The city markets are a huge attraction. The Mercado de 20 Noviembre is very safe and in the heart of the city. I love the pan amarillo with chocolate here for breakfast. 



There's also an amazing meat cafeteria (Pasillo de Humo) in the market where you point at what you want and they grill it for you. There are condiments, beer, and tortilla people who sell you the bits to go with the meat. 




Yes, folks, the local cuisine features some delicious insects. No one here is going to think you're edgy and cool because you eat them and no one is going to care if you don't want to. Either way, there's no need to make a big deal out of it. The chapulines grasshoppers are crunchy and salty and chili and limey – eat them as a drinking snack, smashed into fresh salsa, or stuffed into a tlayuda.

Grasshopper tlayuda
Chapulines in the market

The chicatana ants are often used like a spice to flavor sauces, it's a taste unlike anything I've ever had before. The escamoles ant eggs are delicate and perfect (i'd get these at a fancy restaurant). The infamous gusano agave worms are often pulverized with chili and salt and used to rim cocktail glasses.

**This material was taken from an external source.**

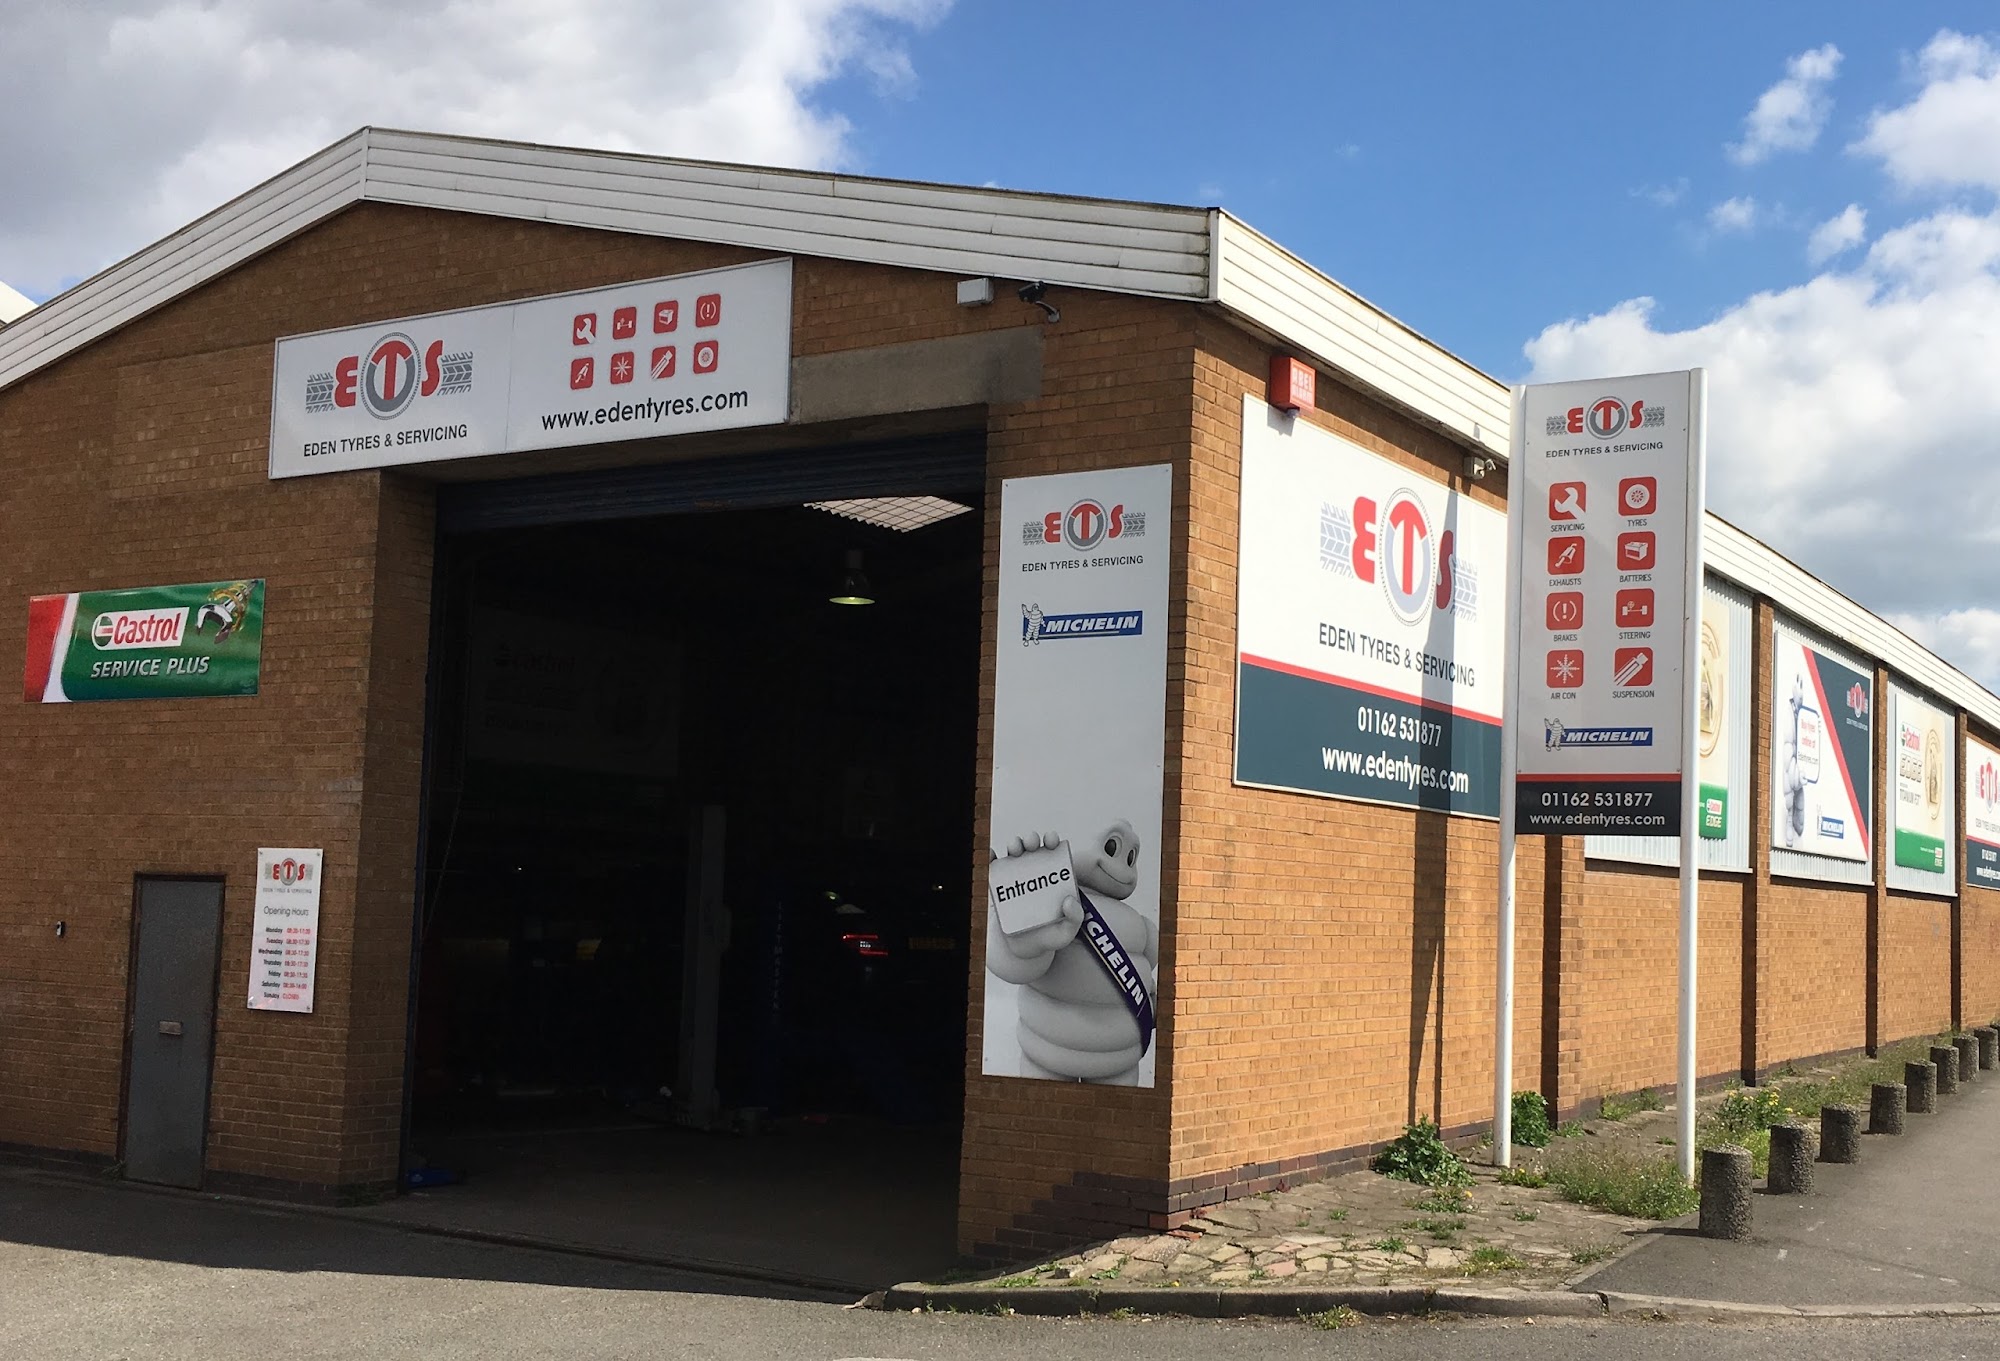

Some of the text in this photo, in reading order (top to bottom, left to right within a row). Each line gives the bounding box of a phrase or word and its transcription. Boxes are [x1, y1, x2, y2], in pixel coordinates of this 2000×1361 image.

The Abastos market is a truly vast maze of twisty passages on the edge of old town. It's a bit more edgy than the Mercado de 20 Noviembre and we were advised by many to use common street smarts due to pickpockets. You'll definitely get lost in here, but just let your nose lead you – the smell of point-and-eat grill meat will slowly give way to the smell of baking bread which will bleed into the amazing smell of the molinos grinding cocoa beans and spices into mole.




There's quite a few high-end Oaxacan restaurants in the old town, definitely visit a couple of them for a lovely dinner. Enrique Olvera's Criollo is fantastic, as is the rooftop dining at Casa Oaxaca El Restaurant. We also really liked Origen. There's a bunch of others on our Google map. Prices are about half of what you'd pay in New York.

Dress warmly for Criollo, it's mostly outdoors
Casa Oaxaca's agave worm, grasshopper, and ant tostada


There are some great bars in town. The La Casa del Mezcal is billed as "gay-friendly" and they definitely gave us some interesting local liquor selections (and backstories) when we sat at the bar. La Tentación and Sabina Sabe are good, too. 502 is the only real gay "club" in town, our younger friends seemed to like it, we didn't go.

Speaking of drinking, give Pulque, Atole, and Tejate a try while you're here.

Pulque

Atole
Tejate

 

Nearby

If you're going to be in town on a Sunday, do not miss the Tlacolula Sunday market. You can get there by municipal bus, but I would hire a driver/guide, honestly. There are so many regional specialties and locals-only areas that they can introduce you to.

A mountain of chilis at Tlacolula

Hierve al Agua, Arbol del Tule, and Monte Alban are also great places to go for a day trip.